In Armies of Sand: The Past, Present and Future of Arab Military Effectiveness, Kenneth Pollack charts the history of Arab armies and seeks to diagnose how they came to be what they are. A military analyst concentrating on the Persian Gulf at the CIA and National Security Council as well as a resident scholar at the American Enterprise Institute, his new book is comprehensive and a welcome contribution to our understand of the region and its war fighters.
Pollack starts with a series of questions. Why did the Iraqi Army collapse in the face of the ISIS assault in 2014? How did Libya manage to lose to Chad in 1987? While large conventional Arab armies have often been hobbled on the battlefield, in the last decades a plethora of extremist groups have proved to be threats to the Middle East and the world. This includes Hezbollah and ISIS. It might also include the Houthis in Yemen and other groups that have appeared capable of outwitting militaries that have more resources and power on paper.


Tackling such a large subject would appear exhausting and possibly impenetrable for a reader. Yet Armies of Sand is incredibly approachable, because the author is not only passionate on the subject but also straightforward about what he wants to explain. 


“I cannot possibly present all of that history, country by country or war by war, in chronological order in this book and still have the space to discuss the sources of Arab military problems,” he noted. “I can’t possibly make a reader wade through all of that.” 


He solves this by comparing the challenges facing Arab militaries with problems of other militaries. While he summarizes important conflicts, experts will find new details unveiled. Who even recalled that Israel struck Iraq’s Rutbah air base in 1967, destroying 31 Iraqi aircraft in the air and on the ground?
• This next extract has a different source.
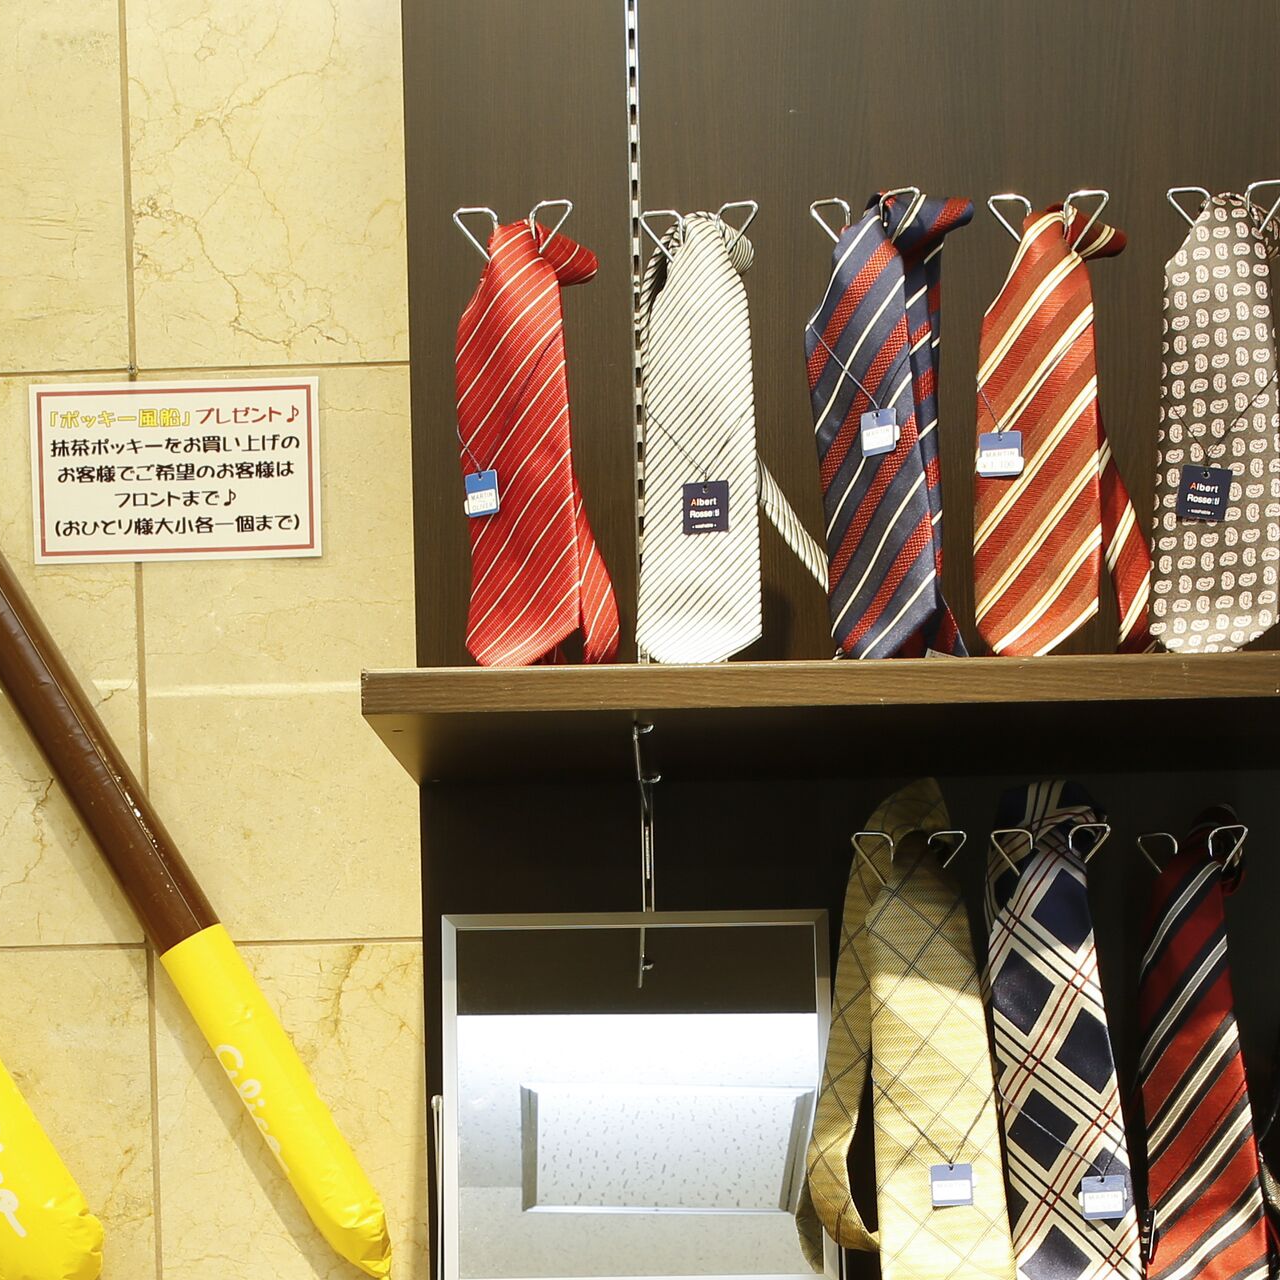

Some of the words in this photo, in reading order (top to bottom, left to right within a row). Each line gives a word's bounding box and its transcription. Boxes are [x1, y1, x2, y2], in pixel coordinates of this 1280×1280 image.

The problem for Arab militaries, Pollack argues, is not a simple story of failure or disorganization. Junior officers rarely exhibited initiative or flexibility, yet Arab armies tended to be good at logistics. Was this because they were impacted by Soviet military doctrine, which played a role in various states from Syria to Egypt? Pollack asserts that the Soviet model could have worked well, and that Arab armies, such as the Egyptians, performed well with Soviet equipment. The Egyptians, after a decade of American influence, did not do well in the 1991 Gulf War, advancing at a snail’s pace.


Maybe failures on the battlefield could be ascribed to politicization, the degree to which high-ranking officers all had to be connected to the regime. But Pollack argues that this is not the only answer to problems that affected armies like Iraq’s. He also focuses on the role of Arab culture, in formulating how officers in Middle Eastern armies make decisions. 


“In Arab society, to do something wrong generally is much worse than to do nothing at all,” he noted. The dominant culture therefore created a disincentive for taking initiative or action.


But there are also many examples of Arab armies and militant groups that have been effective. 


Besides the case of large conventional armies, like Egypt’s in 1973, there is the case of Hezbollah. In a careful and interesting examination of Hezbollah’s wars with Israel from the 1980s to 2006, and then in Lebanon, the author makes the case that zeal and circumstances led Hezbollah to success. He also argues that as Shi’ite Muslims, the members of Hezbollah had some advantages over similar Sunni military institutions. He connects this partly to religious differences and to Iranian influence.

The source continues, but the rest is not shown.